No longer could you simply market to someone because they downloaded some content. The content marketing dream died along with the consent your lead didn’t provide.
Companies had tried to re-permission contacts prior to GDPR to try and future proof their email marketing efforts (and probably broke the law in the process). At least one company simply deleted its entire email database.
Consent now needs to be freely given. And you can’t discriminate. To add insult to injury you can’t even prevent access to your content, as the law states people shouldn’t be penalised or disadvantaged if they choose not to consent.
“But this didn’t matter to us,” I heard you cry. “We’re B2B and the rules don’t apply. At least not in the same way.”
Does the GDPR apply to business-to-business marketing?
Yes. The GDPR applies wherever you are processing ‘personal data’. This means if you can identify an individual either directly or indirectly, the GDPR will apply – even if they are acting in a professional capacity. So, for example, if you have the name and number of a business contact on file, or their email address identifies them (eg email@example.com), the GDPR will apply.
Does the GDPR mean we need consent for marketing?
Not always. Consent is one lawful basis for processing, but there are alternatives. In particular, you may be able to rely on ‘legitimate interests’ to justify some of your business-to-business marketing.
However, sometimes you will need consent to comply with the Privacy and Electronic Communications Regulations (PECR). See our Guide to PECR for more on when you need consent for electronic marketing.
Who’s going to willingly opt in to marketing? Especially B2B marketing.
We put this to our inbound technology partner.
“Agencies and customers who are using content strategy tools with pillar and cluster content are seeing higher conversions, and not reporting lower leads.
“Lead gen effectiveness is more closely aligned with changes to SEO than GDPR.
“Good quality leads always opted in and this is the same case now. We might see a drop off in lower quality leads, or find leads converting in other ways (less landing page conversions) such as meetings booked, via bots etc.”
What does this mean? Let me translate.
“SEO helps fill the bottom of the sales funnel and generate ready to buy leads.
“Get your SEO right and you’ll be fine.
“We’re changing our tune on inbound marketing.”
So is inbound dead?
It certainly looks like the nurturing sales funnel/flywheel approach the marketing auto software companies have been preaching about for so long is in jeopardy.

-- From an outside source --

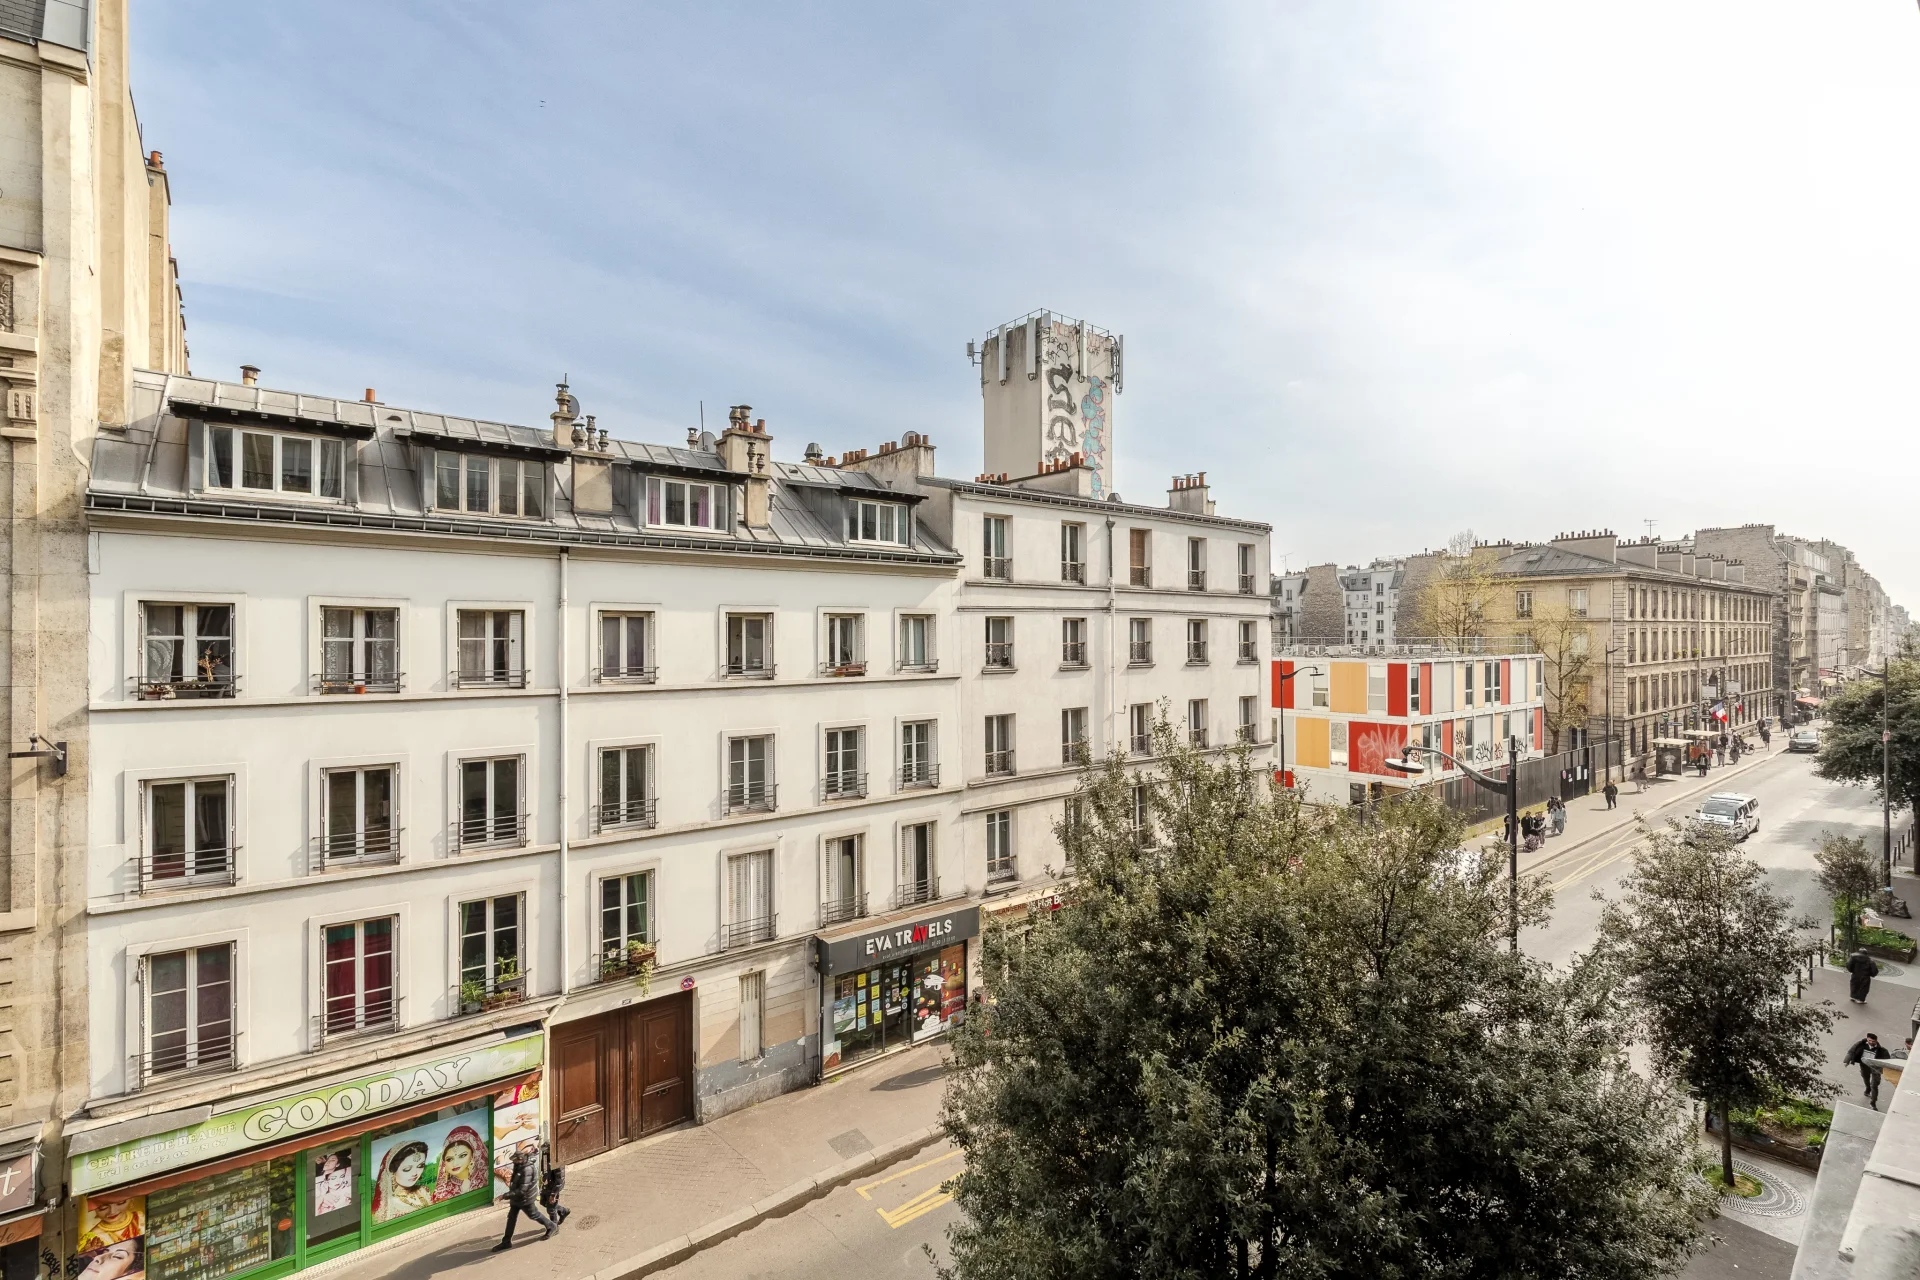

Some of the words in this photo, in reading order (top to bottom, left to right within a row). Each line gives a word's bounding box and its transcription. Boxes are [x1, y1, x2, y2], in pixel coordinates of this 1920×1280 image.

Especially if the ePR insists on B2B consent.
There’s more to inbound marketing than building landing pages and sending nurture emails.
Inbound is about making leads come to you. And one of the most effective way of doing that?
What is PR-led SEO then?
Fundamentally it’s about using online brand building to ensure your website appears in search engines when someone searches for a thing you sell.
And it’s important to be as high up the search engine results as possible. Because the closer you get to #1 the greater the click through rate (CTR) and the more you sell.
Click through rate indicators vary, but this chart shows organic CTR for searches coming from 9,390,203 keywords for 82,646 websites.
Desktop #1 position CTR: 35%
Mobile #1 position CTR: 28%
So if there are 100 searches for a keyword on a desktop you get 35 if you rank first right?
Nope. Because not everyone who searches for something in Google clicks on a result. Here are some stats on click behaviour following a Google search.
So by this logic if there are 100 searches a month for a keyword on a desktop, and 63 of those actually click on an organic result, then you could snare 35% (remember the desktop #1 position CTR stat above) of those 63 clicks, which works out as 22 clicks per search. This is versus the paid results.
So there you go – rank first, don’t pay for your clicks and get 22 clicks per 100 searches, OR pay for your clicks and get one click per 100 searches.
I’m sure you’ve noticed that I’ve used the #1 CTR for my organic calculation and an average CTR for my paid calculation (only because I didn’t have a first placed PPC CTR), but as I’m sure you can work out, it’s nowhere near as high as the organic CTR and regardless of how high it is, you’re still only working with 4% of the search volume.